Exercise aim =>
Faithfully repeat each entry below, minus the pictures.

(Annotated photo localization data)
——————————

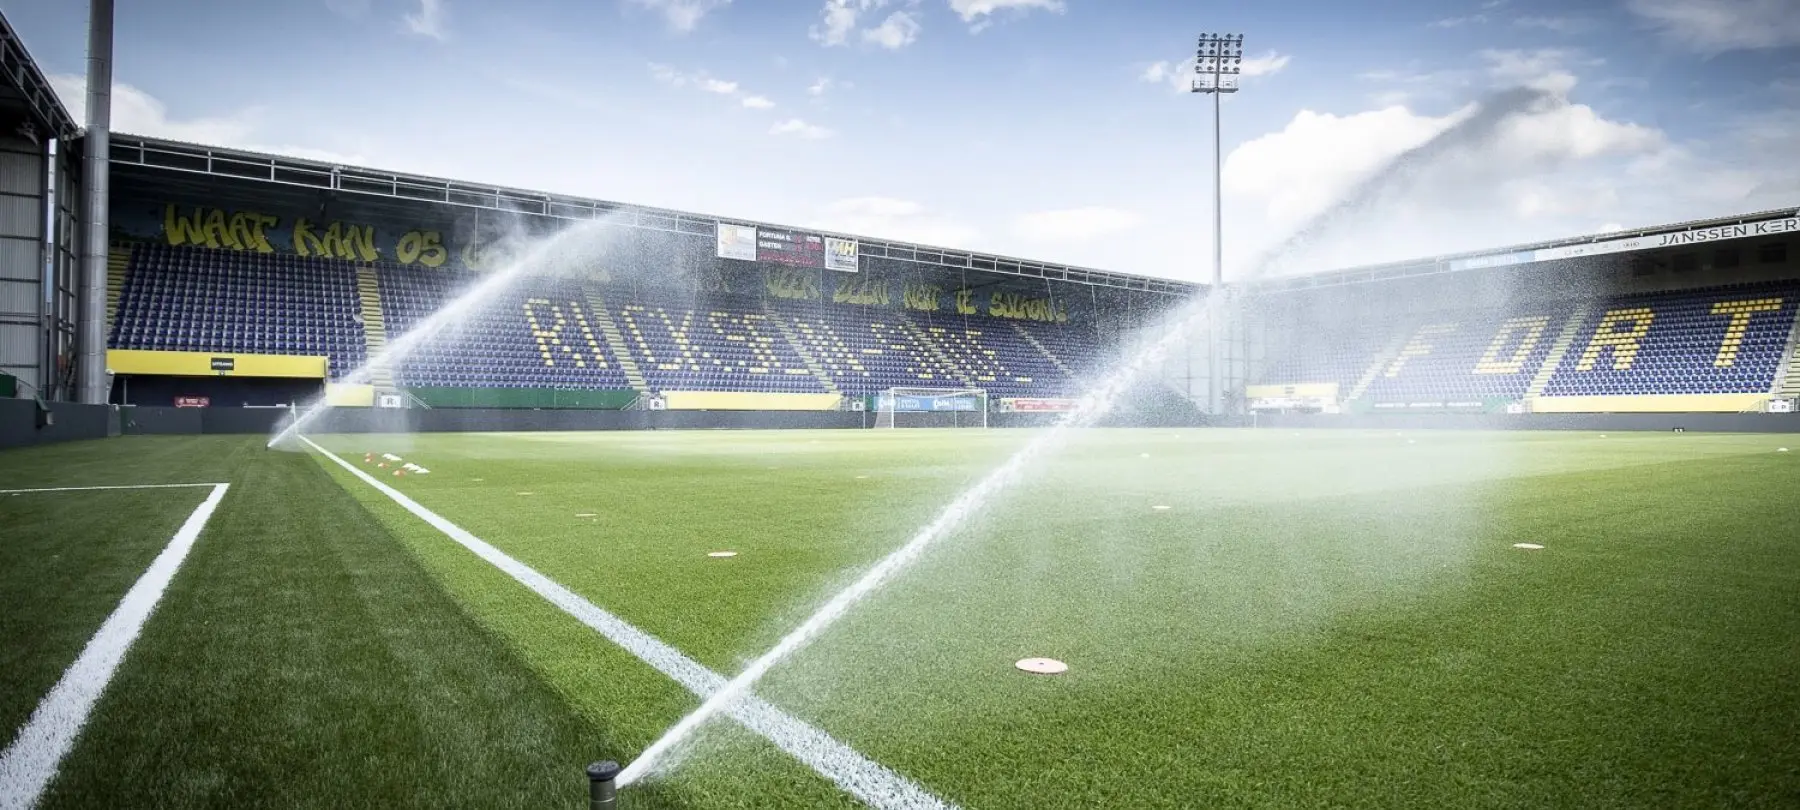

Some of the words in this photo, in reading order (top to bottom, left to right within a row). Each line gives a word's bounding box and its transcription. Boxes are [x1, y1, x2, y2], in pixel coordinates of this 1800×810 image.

[164, 203, 279, 253] WAAT
[293, 216, 382, 262] KAN
[396, 230, 447, 267] OS
[1659, 225, 1747, 246] JANSSEN

——————————

Solved exercise =>
Some of the words in this photo, in reading order (top to bottom, left to right within a row). Each line gives a word's bounding box and its transcription. Boxes are [x1, y1, x2, y2], in pixel coordinates of this 1800×810 image.

[164, 203, 279, 253] WAAT
[293, 216, 382, 262] KAN
[396, 230, 447, 267] OS
[1659, 225, 1747, 246] JANSSEN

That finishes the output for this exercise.